Would you transcribe the line that holds "Some of the words", plus every line beneath it through the end of the data, exactly and with nothing added?

Collected data
________________________

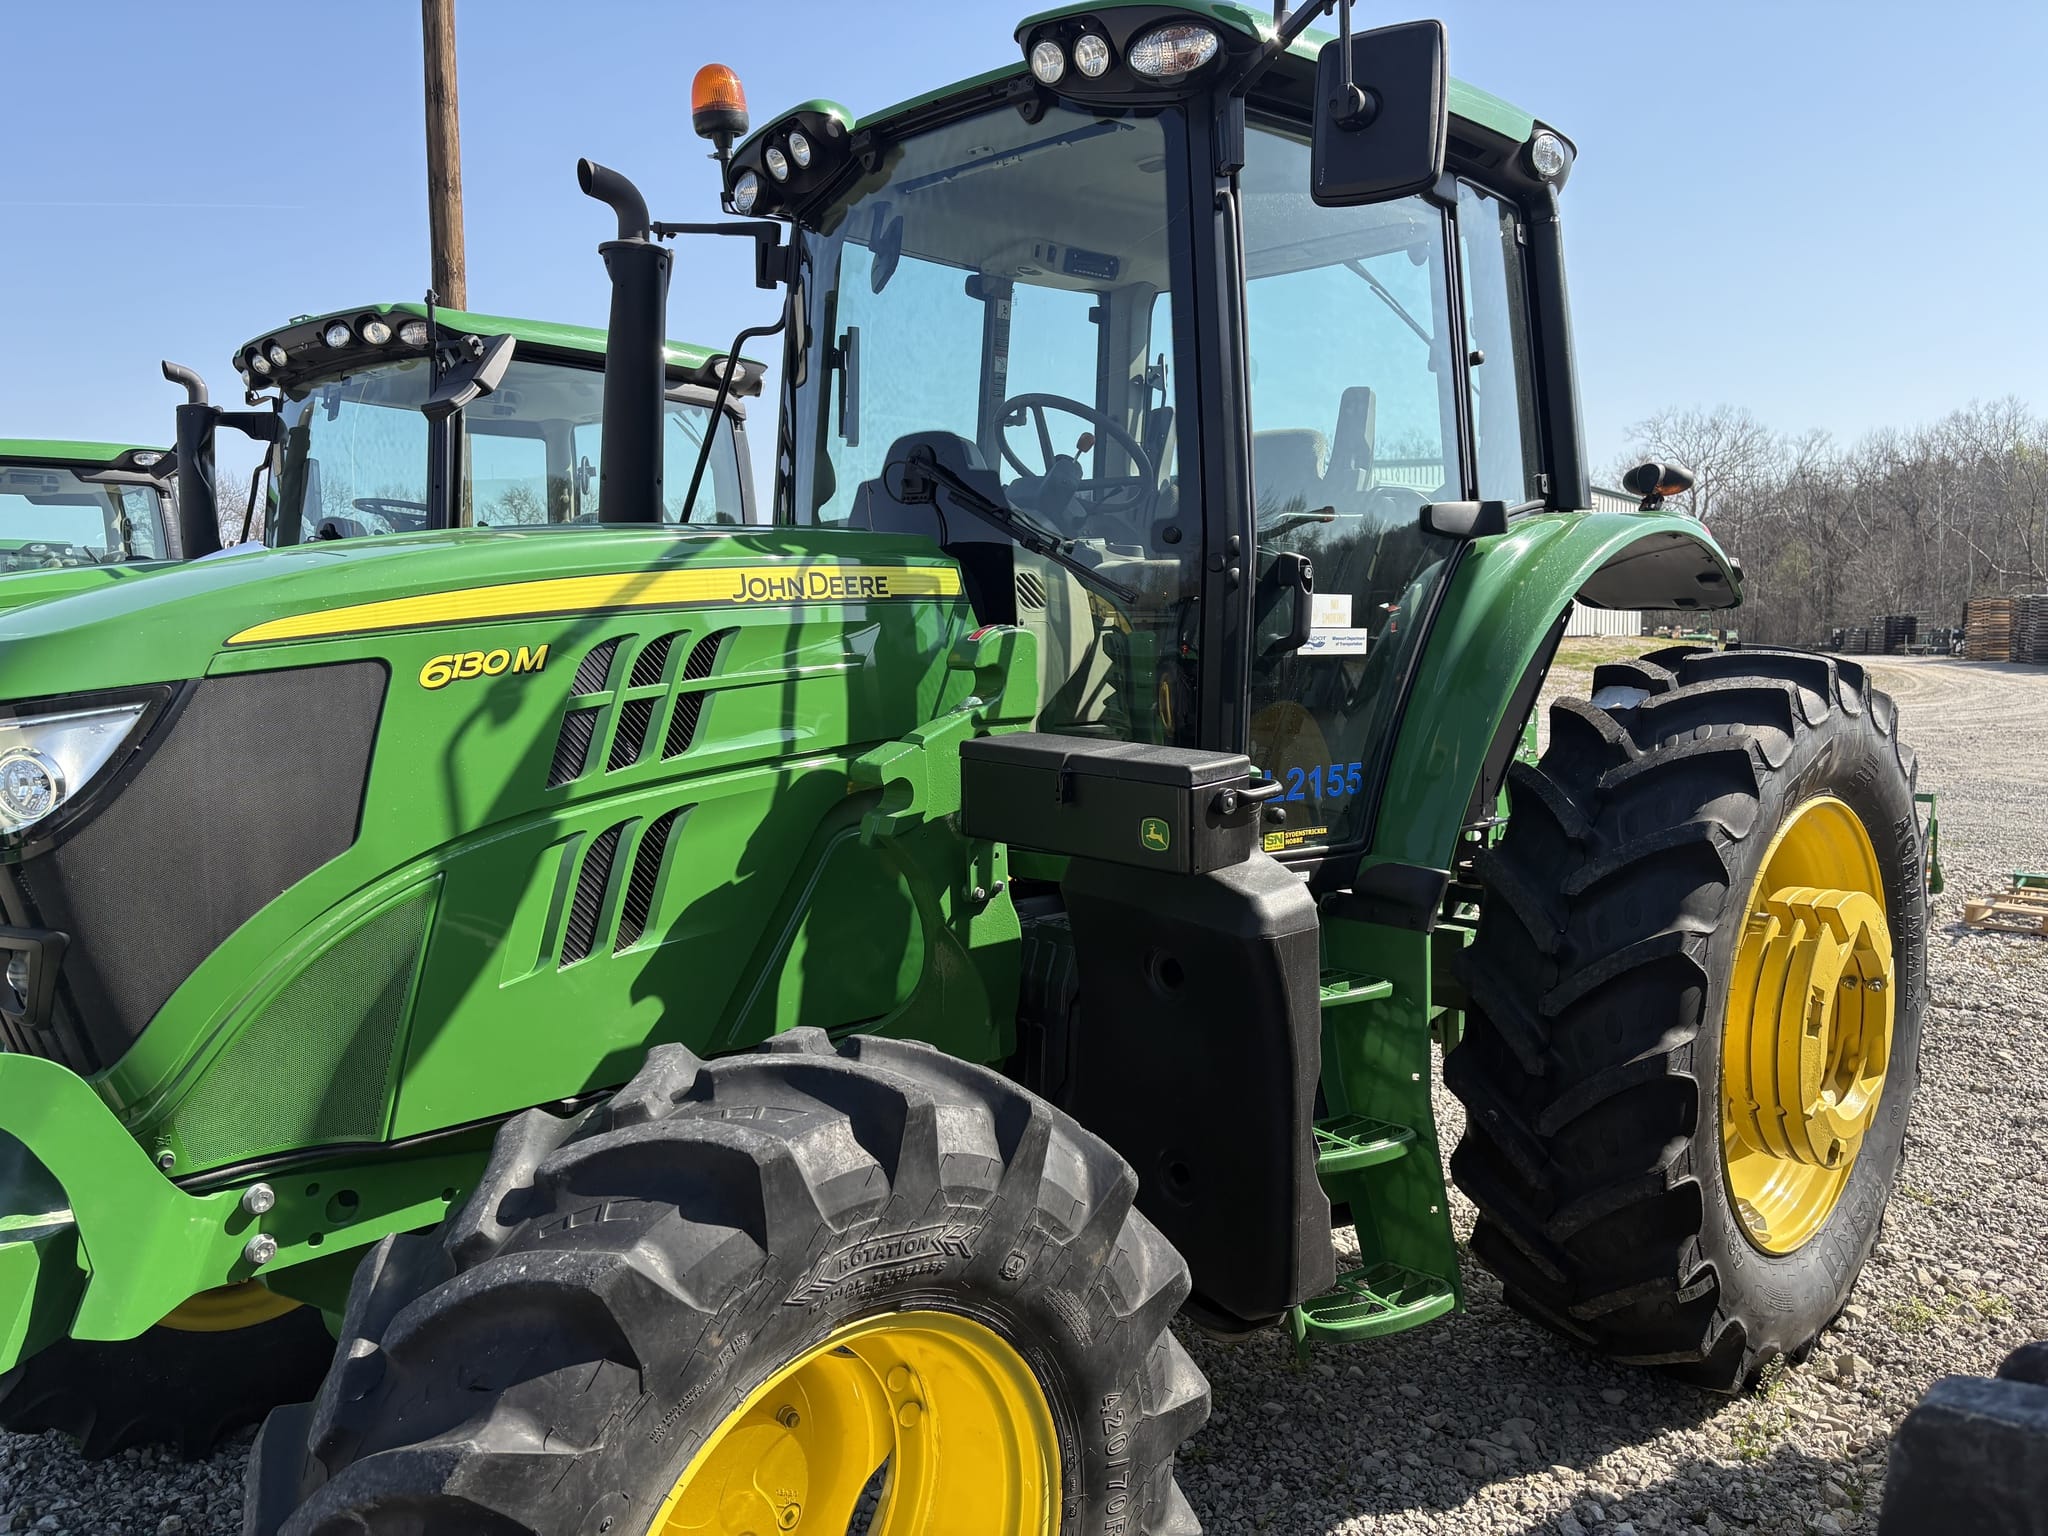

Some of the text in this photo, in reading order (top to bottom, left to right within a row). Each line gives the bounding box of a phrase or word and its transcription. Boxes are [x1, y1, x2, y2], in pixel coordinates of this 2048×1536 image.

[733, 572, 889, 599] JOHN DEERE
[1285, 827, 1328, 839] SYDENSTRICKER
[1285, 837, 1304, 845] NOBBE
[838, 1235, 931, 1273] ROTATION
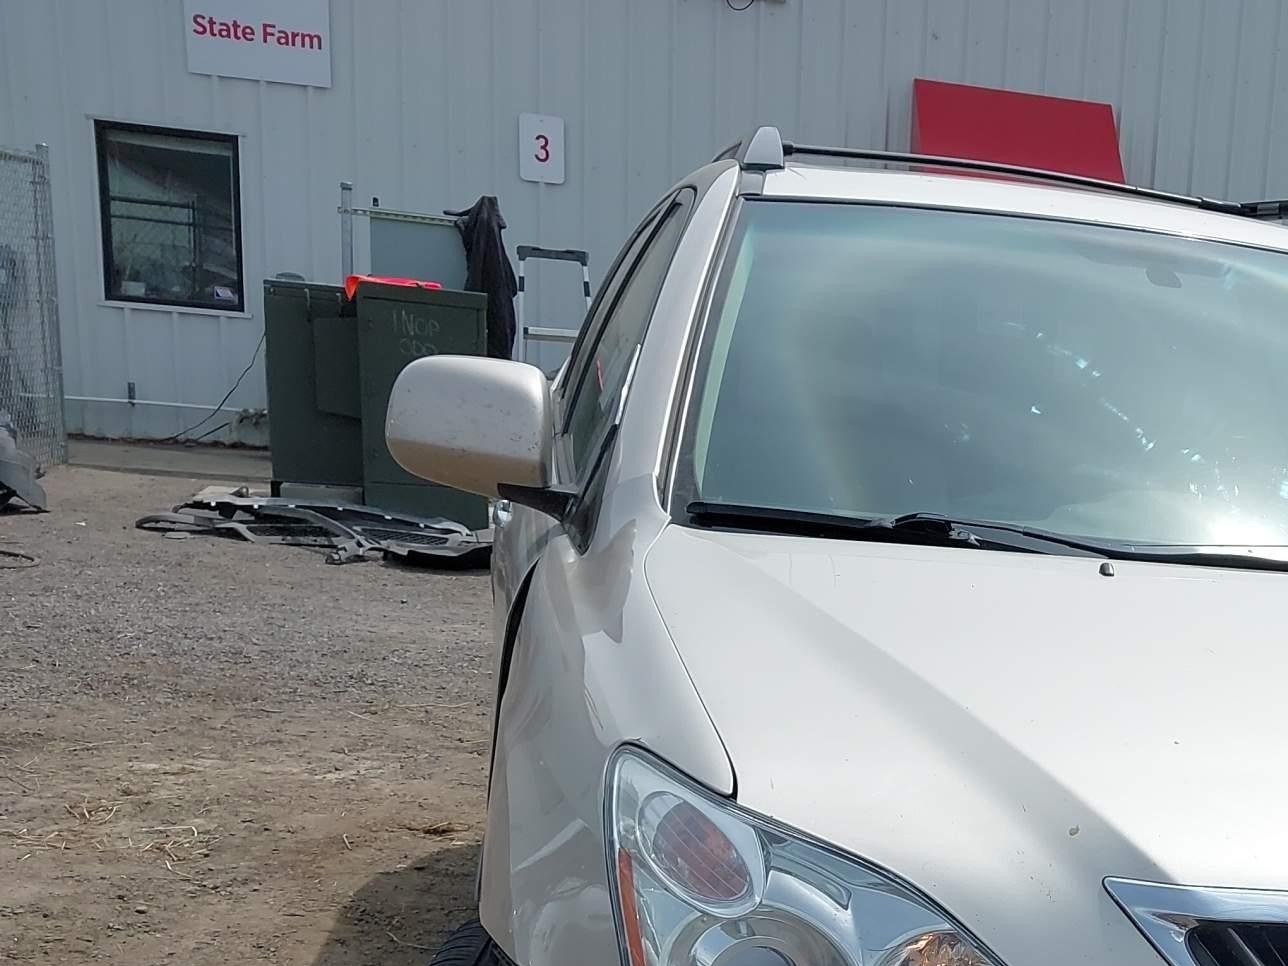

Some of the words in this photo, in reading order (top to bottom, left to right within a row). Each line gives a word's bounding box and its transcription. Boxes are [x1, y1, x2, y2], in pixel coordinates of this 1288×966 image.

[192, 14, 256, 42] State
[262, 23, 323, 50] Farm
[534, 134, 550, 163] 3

________________________

RESULT OF THE TASK
Some of the words in this photo, in reading order (top to bottom, left to right within a row). Each line gives a word's bounding box and its transcription. Boxes are [x1, y1, x2, y2], in pixel coordinates of this 1288×966 image.

[192, 14, 256, 42] State
[262, 23, 323, 50] Farm
[534, 134, 550, 163] 3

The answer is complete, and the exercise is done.